■ WORK TASK:
Return the records below exactly; pictures stay out.

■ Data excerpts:
------------

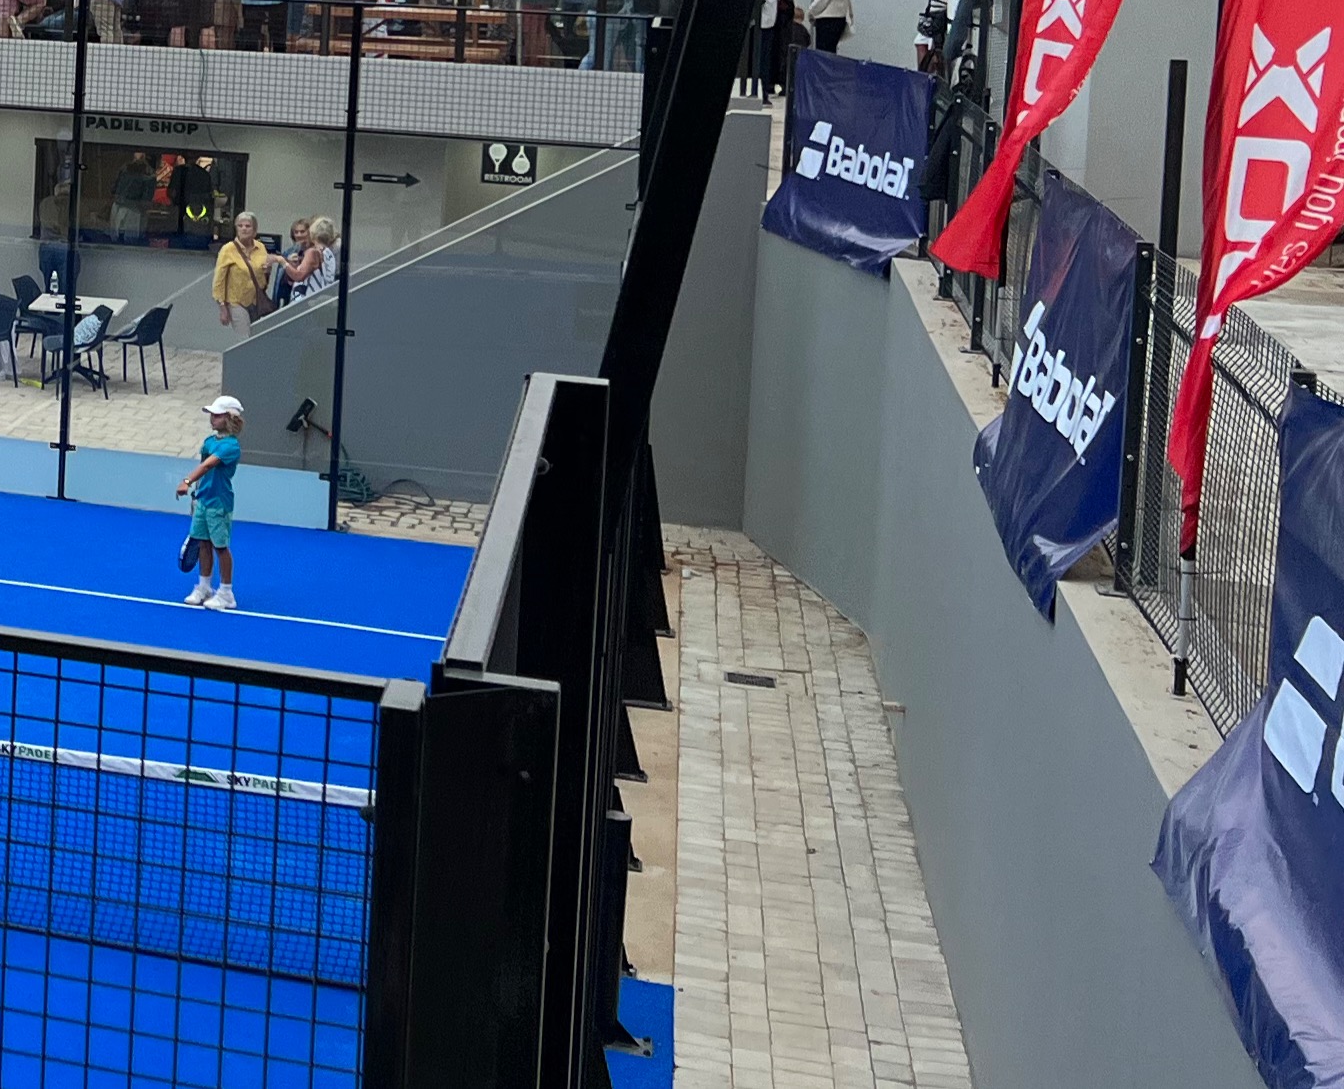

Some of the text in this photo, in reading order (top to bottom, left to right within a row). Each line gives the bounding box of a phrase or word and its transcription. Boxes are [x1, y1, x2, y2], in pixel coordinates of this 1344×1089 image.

[85, 116, 199, 135] PADEL SHOP
[825, 135, 914, 199] Babolat
[484, 173, 533, 185] RESTROOM
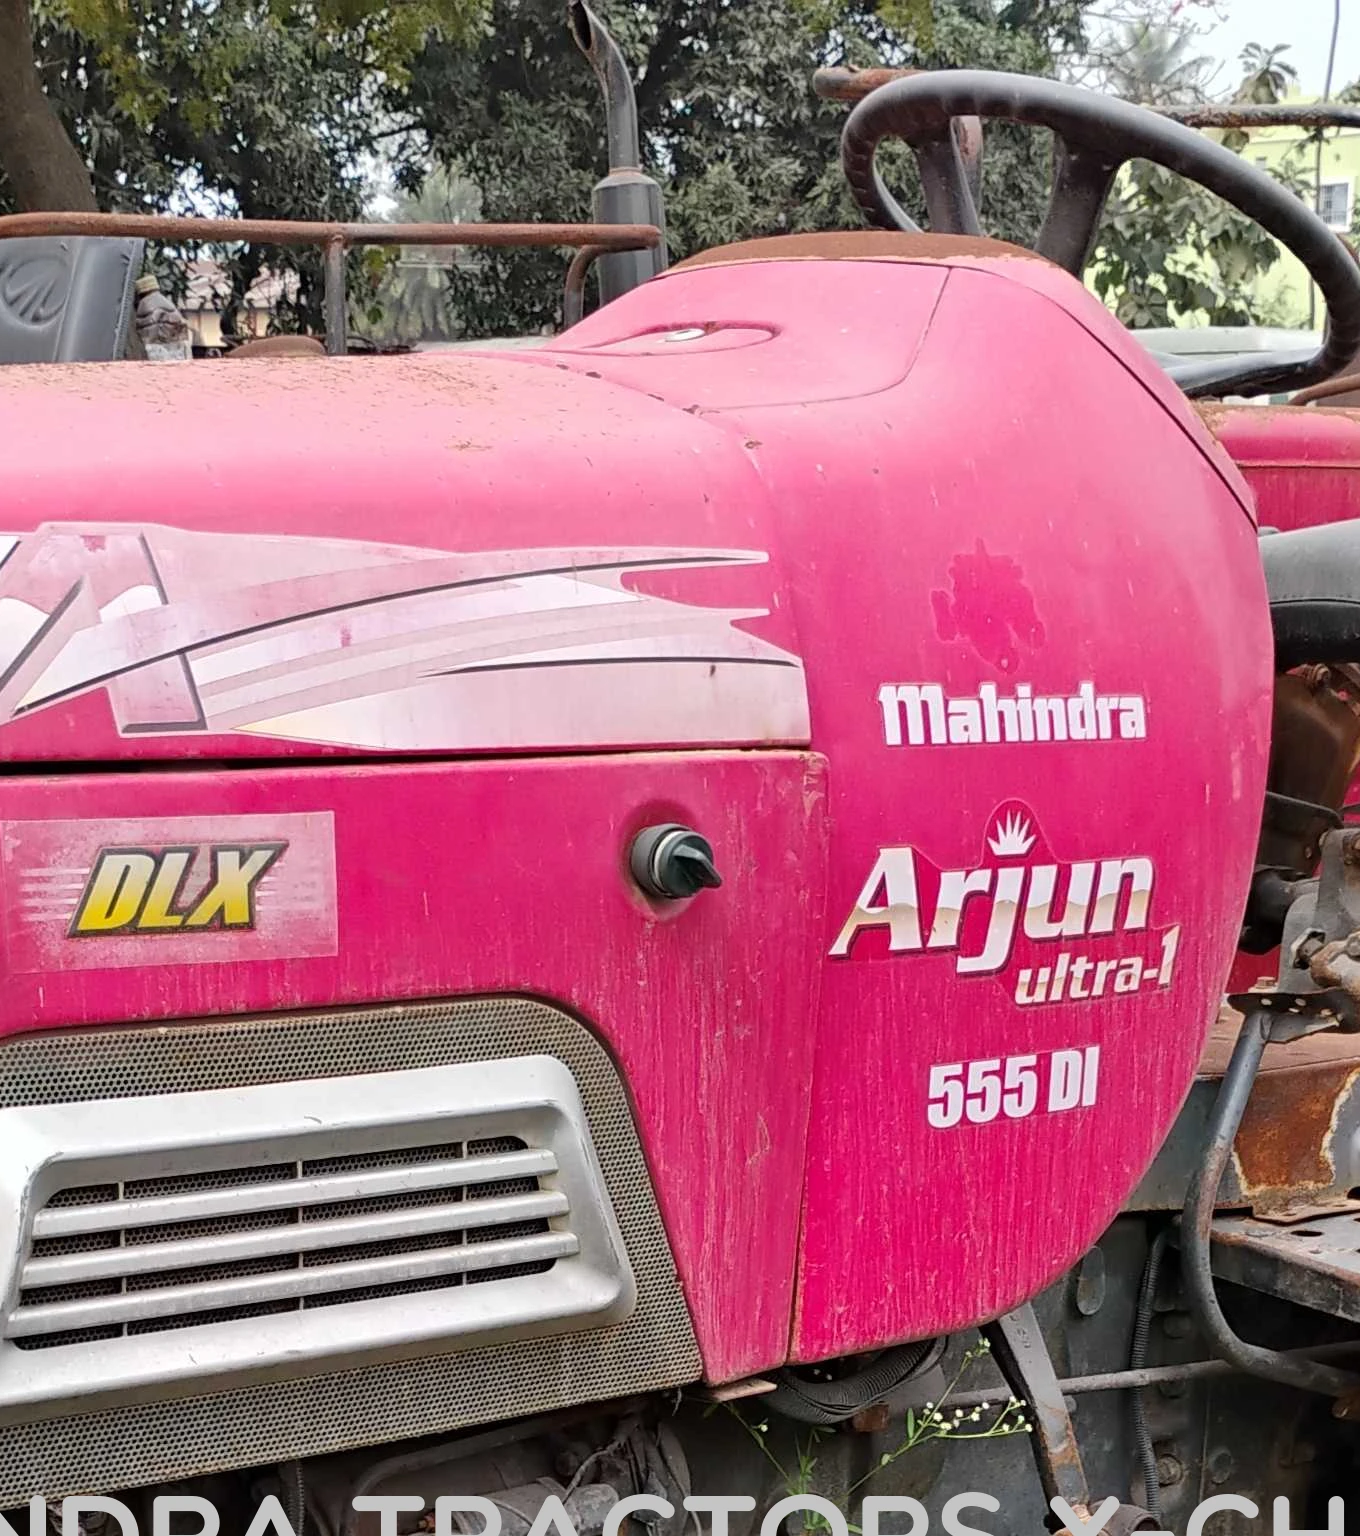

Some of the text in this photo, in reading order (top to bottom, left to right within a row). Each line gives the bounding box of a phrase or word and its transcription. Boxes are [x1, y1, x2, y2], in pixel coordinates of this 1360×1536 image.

[880, 681, 1146, 746] Mahindra
[70, 844, 286, 936] DLX
[828, 846, 1155, 975] Arjun
[1014, 925, 1182, 1007] ultra-1
[927, 1045, 1101, 1129] 555 DI
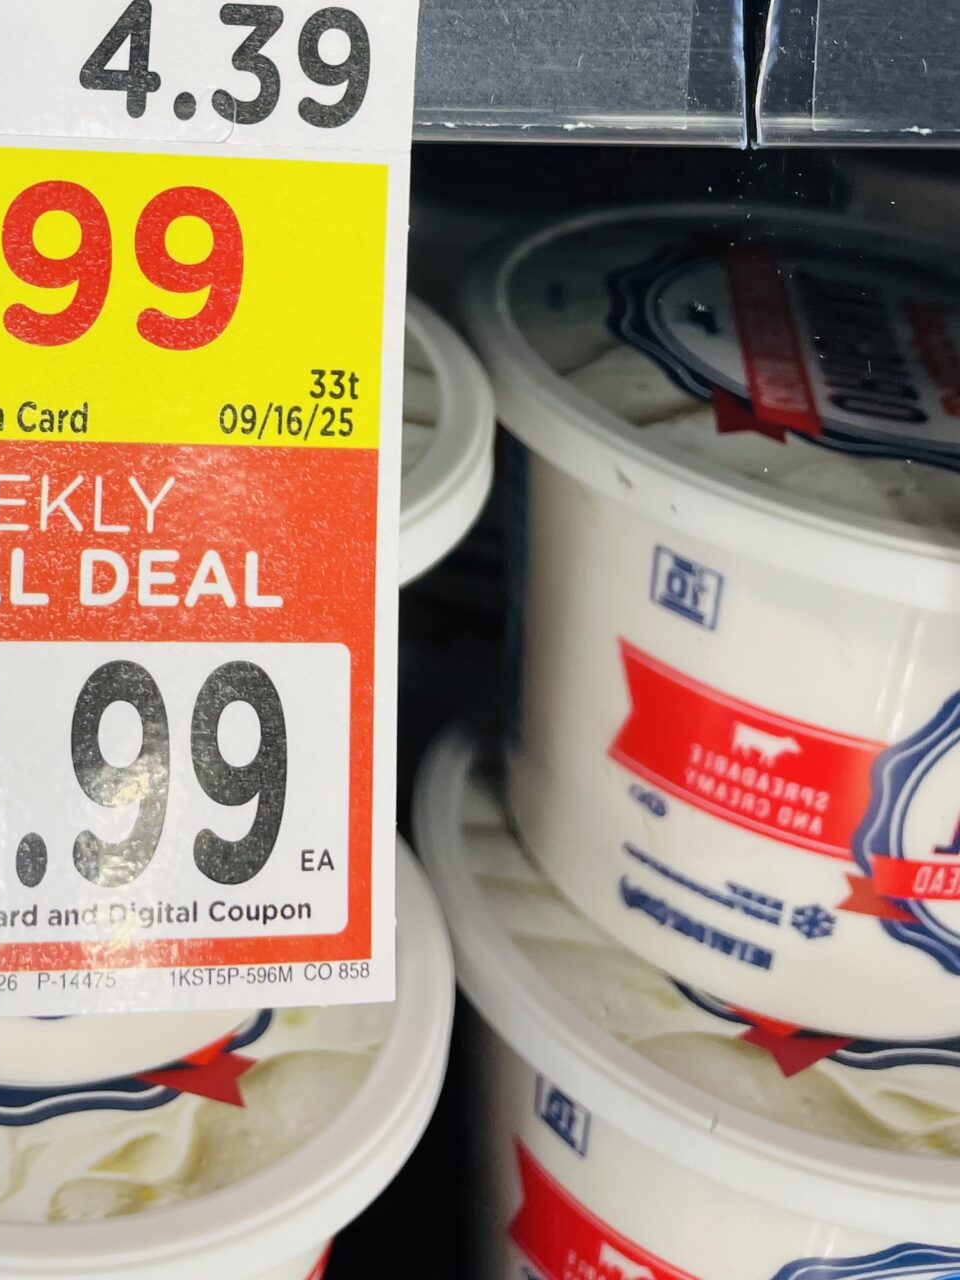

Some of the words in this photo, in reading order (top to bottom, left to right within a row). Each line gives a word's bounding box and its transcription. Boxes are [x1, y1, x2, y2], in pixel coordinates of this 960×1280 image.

[310, 368, 362, 401] 33t
[16, 400, 90, 435] Card
[217, 404, 355, 440] 09/16/25
[78, 547, 284, 609] DEAL
[300, 848, 335, 873] EA
[48, 902, 99, 926] and
[108, 900, 198, 929] Digital
[208, 901, 311, 926] Coupon
[37, 971, 117, 991] P-14475
[170, 966, 293, 987] 1KST5P-596M
[304, 963, 333, 982] CO
[338, 961, 370, 980] 858

------------

■ YOUR SOLUTION:
Some of the text in this photo, in reading order (top to bottom, left to right within a row). Each line gives the bounding box of a phrase or word and its transcription. Boxes are [x1, y1, x2, y2], in pixel coordinates of this 1344×1089 image.

[85, 116, 199, 135] PADEL SHOP
[825, 135, 914, 199] Babolat
[484, 173, 533, 185] RESTROOM

Some of the text in this photo, in reading order (top to bottom, left to right within a row). Each line gives the bounding box of a phrase or word and its transcription. Boxes are [x1, y1, x2, y2], in pixel coordinates of this 1360×1536 image.

[880, 681, 1146, 746] Mahindra
[70, 844, 286, 936] DLX
[828, 846, 1155, 975] Arjun
[1014, 925, 1182, 1007] ultra-1
[927, 1045, 1101, 1129] 555 DI

Some of the words in this photo, in reading order (top to bottom, left to right within a row). Each line gives a word's bounding box and its transcription. Boxes are [x1, y1, x2, y2], in pixel coordinates of this 960×1280 image.

[310, 368, 362, 401] 33t
[16, 400, 90, 435] Card
[217, 404, 355, 440] 09/16/25
[78, 547, 284, 609] DEAL
[300, 848, 335, 873] EA
[48, 902, 99, 926] and
[108, 900, 198, 929] Digital
[208, 901, 311, 926] Coupon
[37, 971, 117, 991] P-14475
[170, 966, 293, 987] 1KST5P-596M
[304, 963, 333, 982] CO
[338, 961, 370, 980] 858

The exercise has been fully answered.